I hope you end up on the list of blogs at Alternet. You totally deserve to be there. In fact, most of the women in the mob deserve to be there which really messes with my head why so many people that I respect are attacking my friend so fiercely. It makes me afraid.

Love,

Hanna

I really don't know what to say about all of this. I stopped reading Ampersand's blog a long time ago because I couldn't stand the level of cruel discourse and most of it was coming from anti-sex-work women. I just can't handle that level of argument due to my own personal issues, so I stay out of it.

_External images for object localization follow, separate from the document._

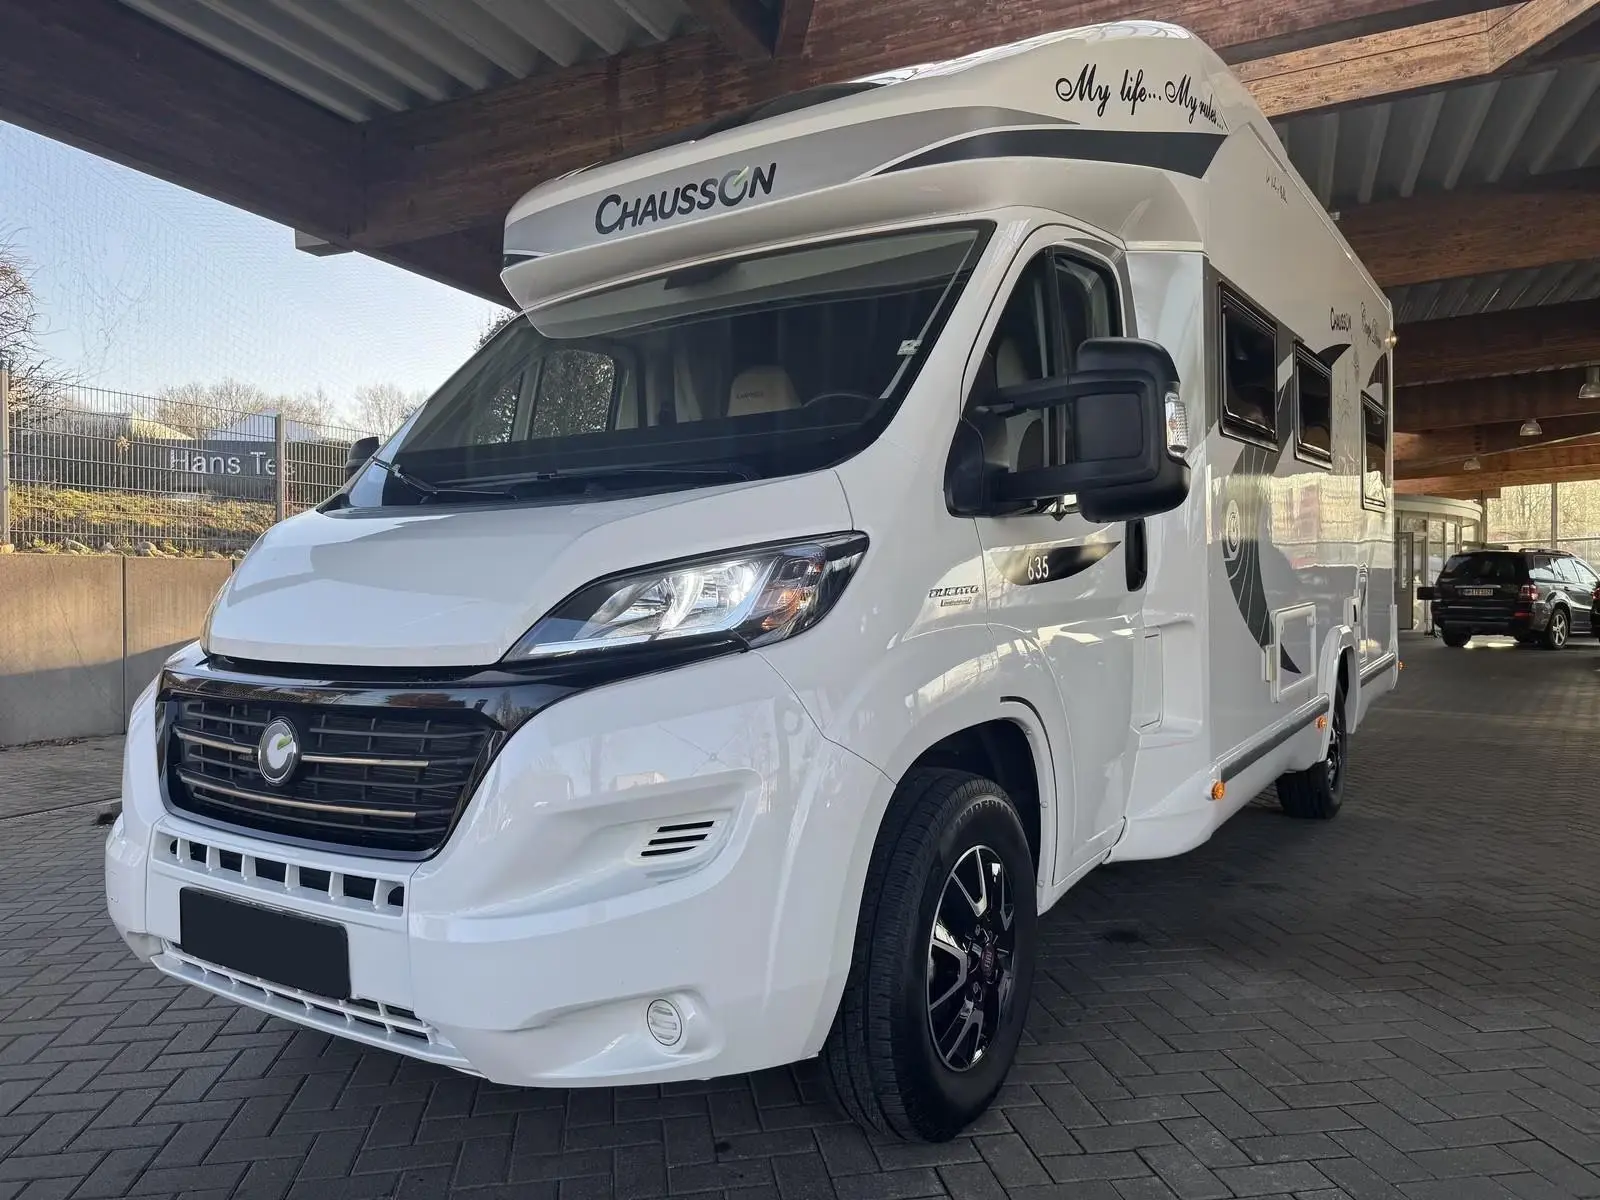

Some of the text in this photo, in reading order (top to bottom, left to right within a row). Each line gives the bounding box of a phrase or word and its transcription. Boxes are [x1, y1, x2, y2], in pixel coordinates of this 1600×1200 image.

[1055, 63, 1111, 118] My
[1164, 73, 1198, 125] My
[594, 162, 777, 235] CHAUSSON
[170, 449, 241, 476] Hans
[1027, 555, 1049, 581] 635
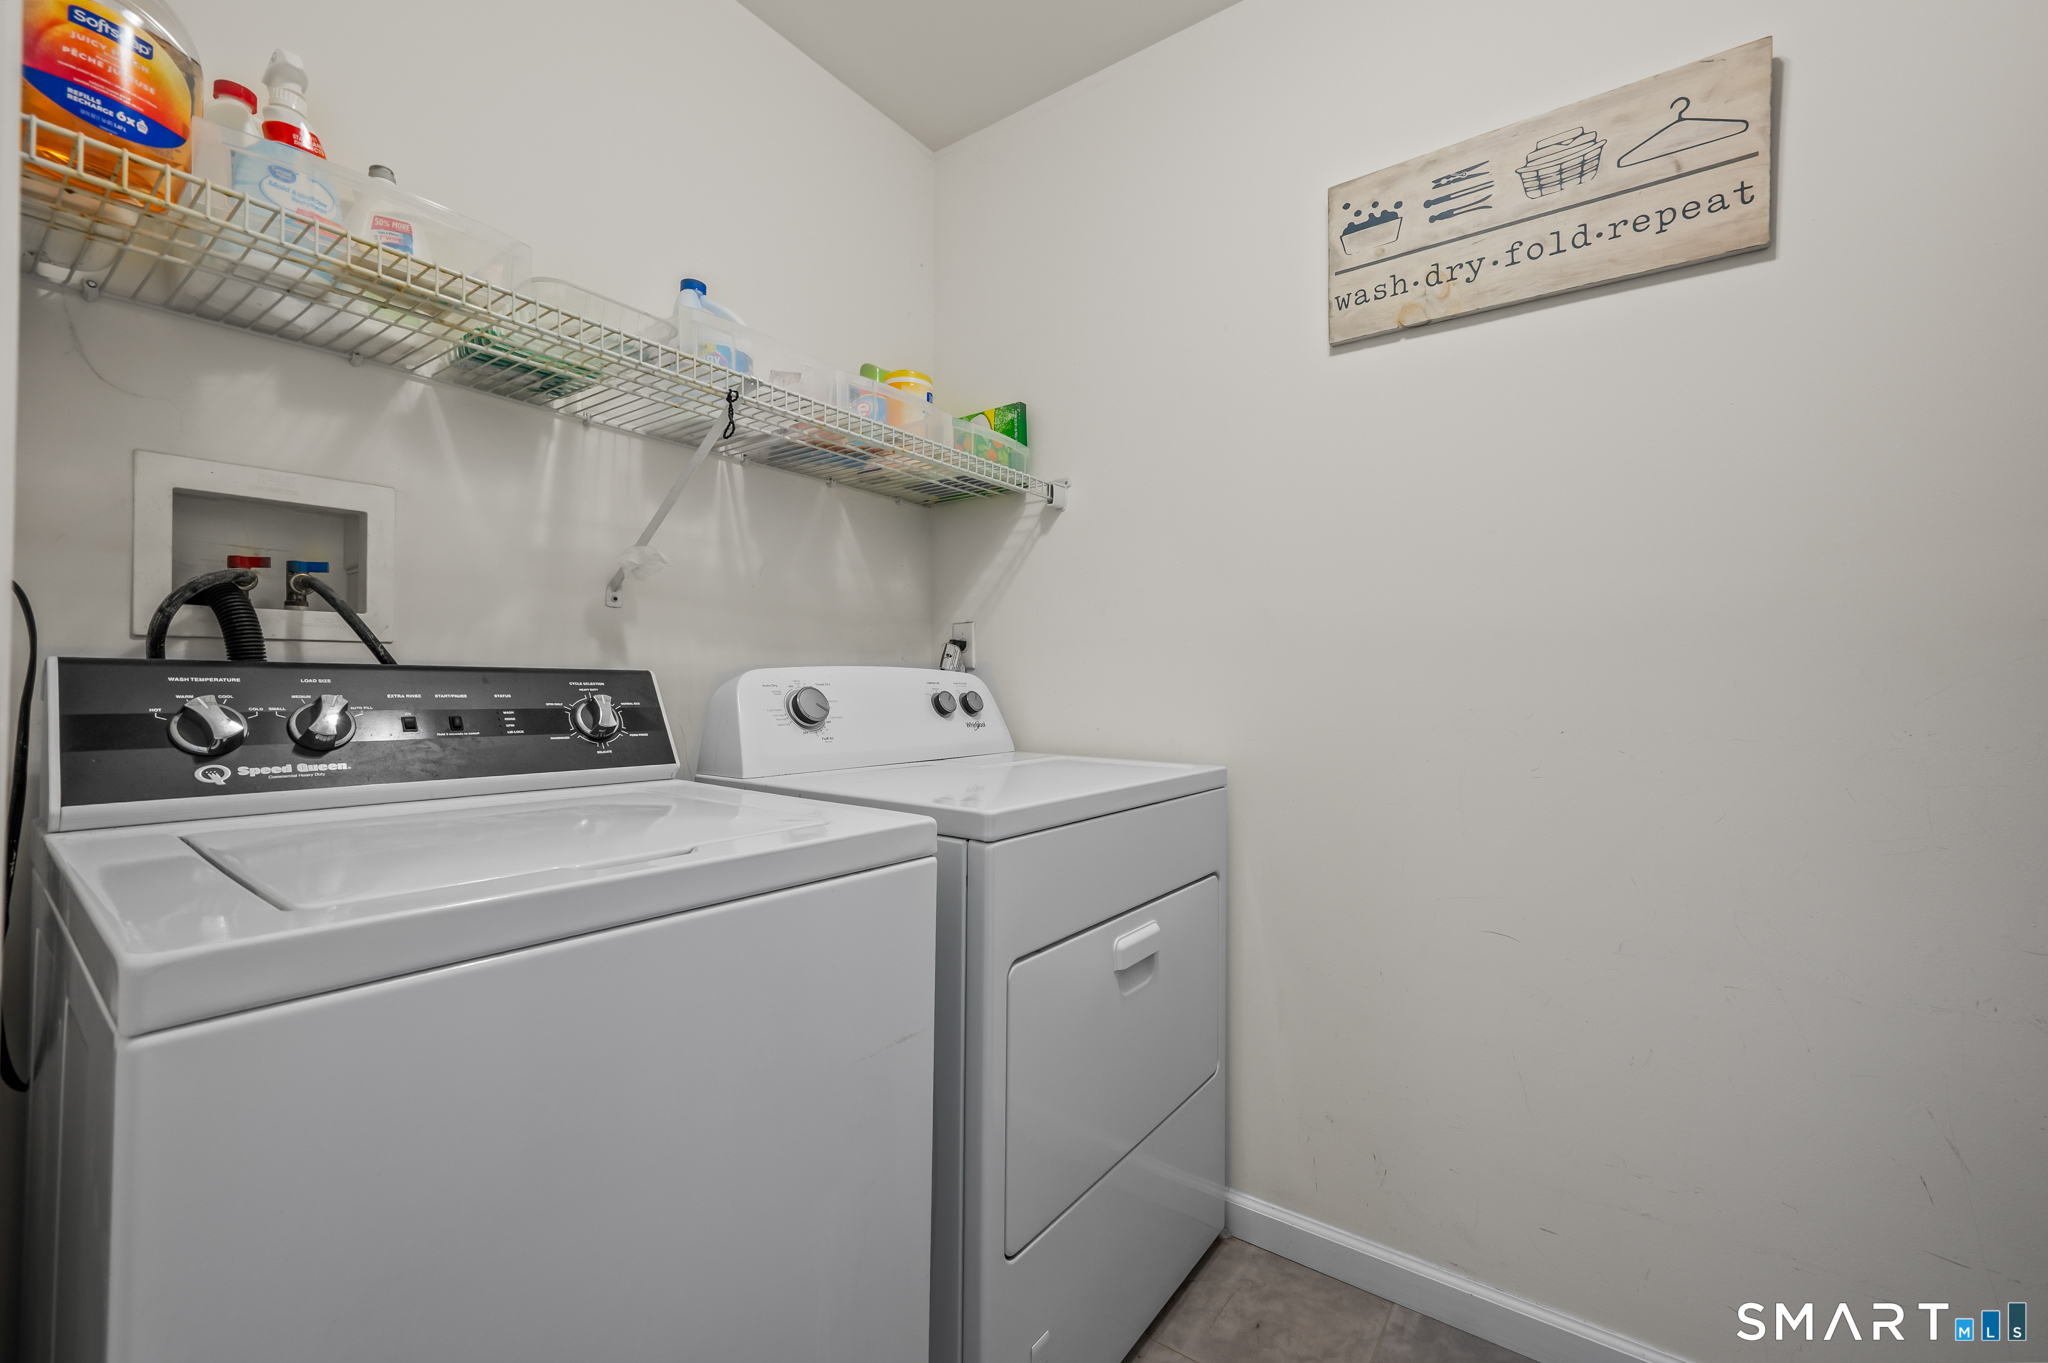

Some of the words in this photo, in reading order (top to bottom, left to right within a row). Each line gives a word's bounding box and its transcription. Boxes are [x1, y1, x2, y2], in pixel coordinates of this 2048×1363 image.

[70, 31, 107, 50] JUICY
[73, 9, 153, 55] Softsap
[62, 45, 104, 68] PÊCHE
[67, 86, 102, 106] REFILLS
[67, 92, 114, 117] RECHARGE
[116, 110, 136, 128] 6x
[268, 180, 290, 193] Mold
[374, 217, 390, 228] 50%
[391, 221, 410, 232] MORE
[1334, 273, 1408, 311] wash
[1425, 256, 1486, 287] dry
[1505, 223, 1592, 267] fold
[1608, 180, 1756, 241] repeat
[237, 764, 292, 777] Speed

What really hurts me is that my friend Brian (Foolish Owl) is being smeared all over the internet by people who don't know him but from his one post where he has admitted several times that he made a mistake even when he thought he was doing the right thing. He has always been an ally to me, has always listened respectfully to me (and that's a hard thing to do because I am difficult to follow sometimes and tend to go on tangents because I don't really think linearly anymore, if I ever did which has always been a bit of a superpower at times, but sometimes it has gotten me into a lot of trouble). It hurts me deeply to see the number of bloggers and commentors who are just pillorying him. His one indiscretion is being held high as an example of everything bad about men talking with women. That hurts so much to watch him in that situation that really, any of us could be in someday and many of us have. I know I've been on forums where I am the only woman and every post I make is representative of "everywoman" and any mistake I made is used as an example of why women are stupid or whatever. It's wrong what everyone is doing. Not the pointing out of the problem, but using Brian as the personalization and manifestation of the problem. I blame the heat and vehemence of Alas, A Blog's comments section that has been slowly growing into a very cruel place where personal attacks are the norm unless you are following the party line. I don't know if that's what Amp wants his blog to be like, but that's not the kind of place I ever want to hang out. Watching my friend and ally being smeared by so many bloggers that I otherwise respect is especially hurtful.

People make mistakes. Feminist men make mistakes. Feminist women make mistakes.

Leave the guy alone. Enough already. From talking with him, he understands. You've made your point, loud and clear. Brian has apologized many times. I think you've gotten your point across.

Can you all please leave my friend alone now? Please?

I agree with the general concept that is being discussed. I think there are many exceptions to the rule, but the general concept is something we have to change if we're ever to live in a just society. Let's keep working on that.

Love,

Hanna

We've got better than balls, honey. We've got ovaries. I felt kind of in the middle in the fracas at Alas, because I was new over there and honestly, I don't expect guys to get it. I go in knowing I'm going to have to hammer away at them, and endure being called names. I've got a few I call them, too. The fact is, though, that when you are dealing with privelieged idiots, you have to spoon-feed them until they start to get a clue. What galls me is when women object to something and the guys turn around and try to justify it. the Alas deal got out of hand because the women said stop and the guys didn't. I made allowances, though because those are not necessarily guys claiming to be "progressive" and some of them are admittedly anti-feminist. It's different with the Progressive blogosphere.

Remember that fracas a while ago when Des Femmes and a few others got on the boys for using anti-woman imagery in insulting the Bushitas? To my knowledge, not one of them said "oops, sorry - won't happen again!". They wrote for days about why they were right. That's when we need to hammer them. I know guys don't have a clue, but when we flat out tell you to knock it off, it better stop, or there'll be hell to pay.